**DATA PROVIDED**
++++++++
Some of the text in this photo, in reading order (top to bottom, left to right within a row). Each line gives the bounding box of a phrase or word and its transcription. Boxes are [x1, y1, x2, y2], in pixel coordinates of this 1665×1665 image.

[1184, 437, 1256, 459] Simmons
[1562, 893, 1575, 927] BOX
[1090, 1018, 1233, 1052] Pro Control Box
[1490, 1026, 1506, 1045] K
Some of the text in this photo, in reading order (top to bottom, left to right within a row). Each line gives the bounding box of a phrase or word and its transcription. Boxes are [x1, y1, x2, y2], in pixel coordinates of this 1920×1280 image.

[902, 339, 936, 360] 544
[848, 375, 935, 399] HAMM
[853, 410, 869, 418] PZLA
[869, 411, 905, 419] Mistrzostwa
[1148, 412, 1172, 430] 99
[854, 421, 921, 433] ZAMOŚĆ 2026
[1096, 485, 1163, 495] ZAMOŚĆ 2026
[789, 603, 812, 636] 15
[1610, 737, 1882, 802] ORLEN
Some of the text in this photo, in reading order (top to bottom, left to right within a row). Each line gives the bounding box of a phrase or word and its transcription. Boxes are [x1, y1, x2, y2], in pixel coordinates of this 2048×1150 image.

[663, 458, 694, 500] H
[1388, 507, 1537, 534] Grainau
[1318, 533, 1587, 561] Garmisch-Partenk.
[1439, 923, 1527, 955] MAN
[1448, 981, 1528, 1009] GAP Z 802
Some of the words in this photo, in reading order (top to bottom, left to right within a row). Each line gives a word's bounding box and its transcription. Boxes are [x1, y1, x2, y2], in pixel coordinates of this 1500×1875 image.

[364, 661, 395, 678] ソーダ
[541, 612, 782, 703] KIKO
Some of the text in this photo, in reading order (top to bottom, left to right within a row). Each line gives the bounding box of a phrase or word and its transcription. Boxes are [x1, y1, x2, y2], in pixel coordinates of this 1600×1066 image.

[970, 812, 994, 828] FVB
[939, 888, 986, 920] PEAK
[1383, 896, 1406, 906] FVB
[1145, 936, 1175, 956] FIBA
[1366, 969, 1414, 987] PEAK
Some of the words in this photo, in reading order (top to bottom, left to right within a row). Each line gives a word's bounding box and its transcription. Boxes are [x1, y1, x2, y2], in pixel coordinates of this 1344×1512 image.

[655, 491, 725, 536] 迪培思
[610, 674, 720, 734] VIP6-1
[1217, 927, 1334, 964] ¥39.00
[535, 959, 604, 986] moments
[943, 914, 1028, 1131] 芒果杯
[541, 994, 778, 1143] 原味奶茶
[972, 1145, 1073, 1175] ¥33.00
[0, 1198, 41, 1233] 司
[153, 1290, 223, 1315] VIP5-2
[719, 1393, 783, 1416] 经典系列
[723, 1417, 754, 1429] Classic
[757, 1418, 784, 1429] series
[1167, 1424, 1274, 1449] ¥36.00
++++++++
**EXERCISE**
Output exactly the lines of the data that run from the one containing "this 1344×1512 image." to the very last line, and no others.

**OUTPUT**
Some of the words in this photo, in reading order (top to bottom, left to right within a row). Each line gives a word's bounding box and its transcription. Boxes are [x1, y1, x2, y2], in pixel coordinates of this 1344×1512 image.

[655, 491, 725, 536] 迪培思
[610, 674, 720, 734] VIP6-1
[1217, 927, 1334, 964] ¥39.00
[535, 959, 604, 986] moments
[943, 914, 1028, 1131] 芒果杯
[541, 994, 778, 1143] 原味奶茶
[972, 1145, 1073, 1175] ¥33.00
[0, 1198, 41, 1233] 司
[153, 1290, 223, 1315] VIP5-2
[719, 1393, 783, 1416] 经典系列
[723, 1417, 754, 1429] Classic
[757, 1418, 784, 1429] series
[1167, 1424, 1274, 1449] ¥36.00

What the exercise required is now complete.